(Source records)
###

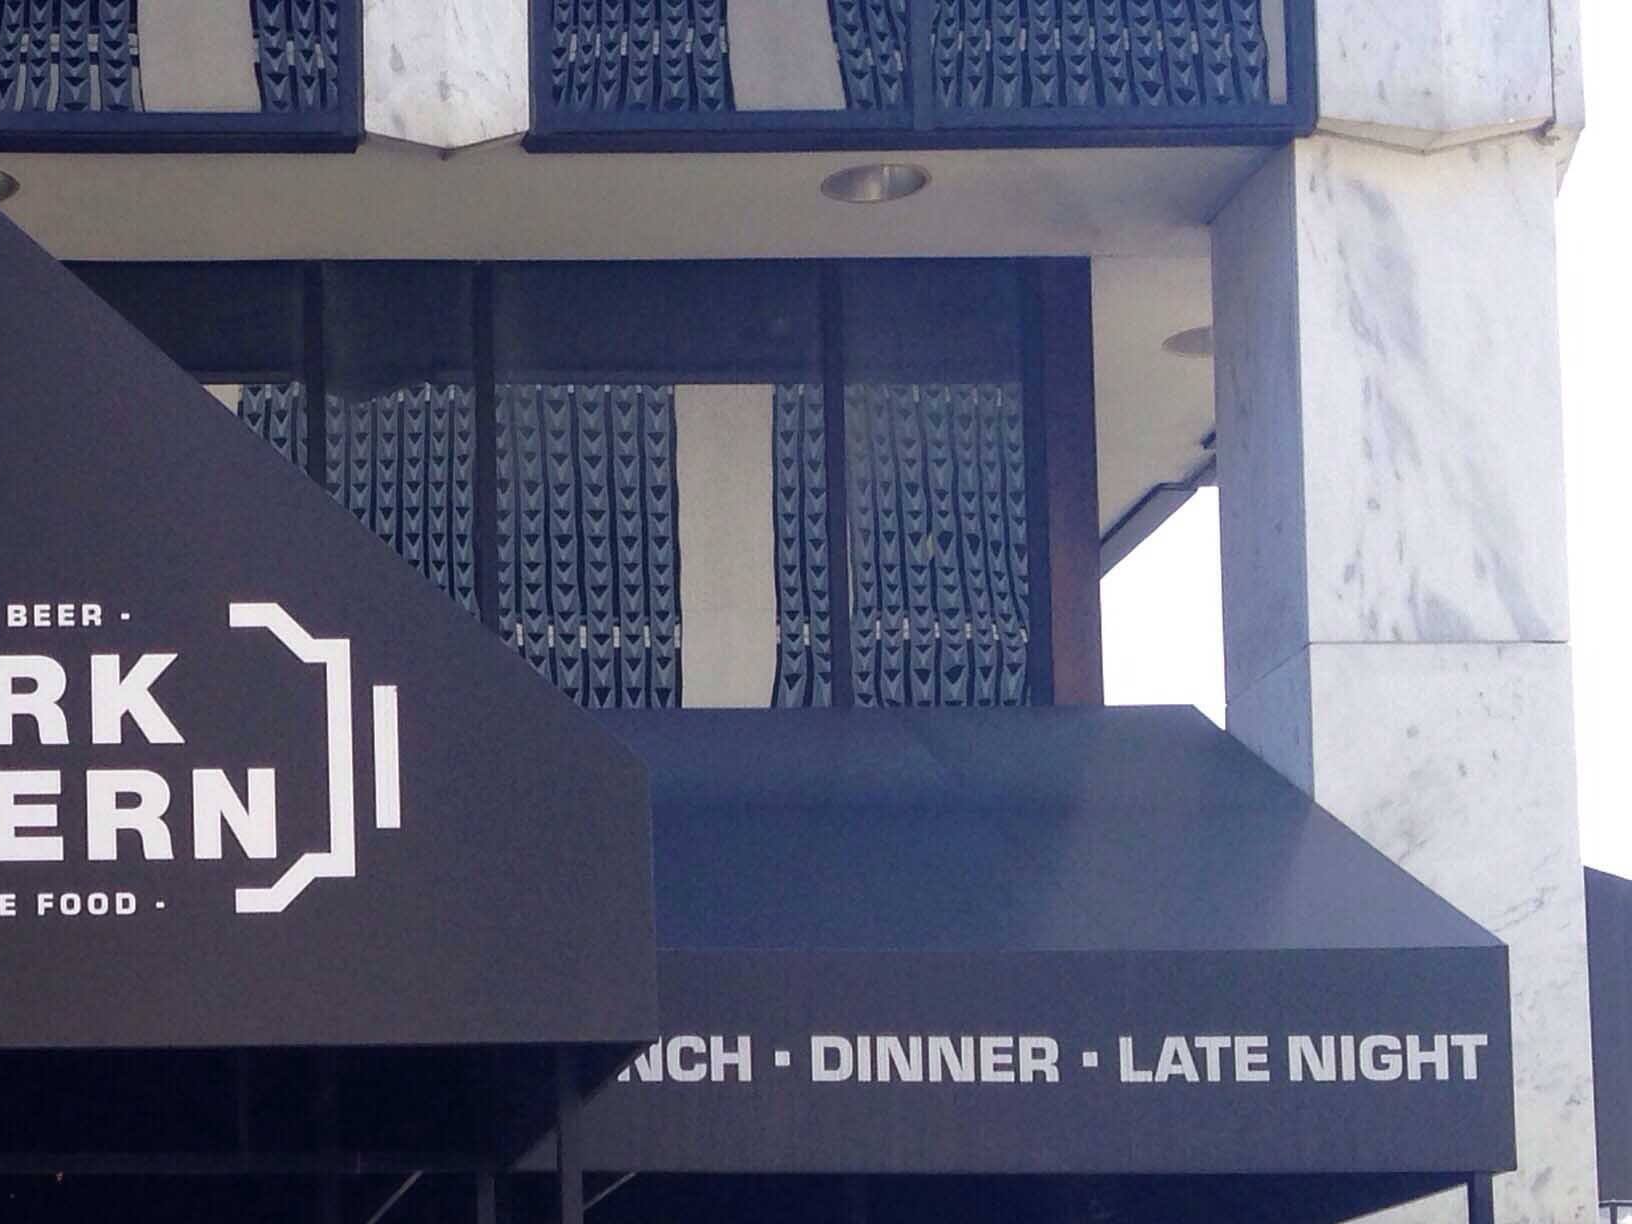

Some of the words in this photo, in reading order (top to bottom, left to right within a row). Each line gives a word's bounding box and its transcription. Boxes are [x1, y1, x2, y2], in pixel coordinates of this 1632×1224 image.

[7, 603, 102, 628] BEER
[37, 891, 137, 916] FOOD
[617, 1035, 752, 1082] NCH
[810, 1035, 1060, 1083] DINNER
[1118, 1035, 1271, 1083] LATE
[1287, 1033, 1489, 1082] NIGHT

###

*Exercise description:* Every entry above is to be copied verbatim, with the pictures removed.

*Completed task:*
Some of the words in this photo, in reading order (top to bottom, left to right within a row). Each line gives a word's bounding box and its transcription. Boxes are [x1, y1, x2, y2], in pixel coordinates of this 1632×1224 image.

[7, 603, 102, 628] BEER
[37, 891, 137, 916] FOOD
[617, 1035, 752, 1082] NCH
[810, 1035, 1060, 1083] DINNER
[1118, 1035, 1271, 1083] LATE
[1287, 1033, 1489, 1082] NIGHT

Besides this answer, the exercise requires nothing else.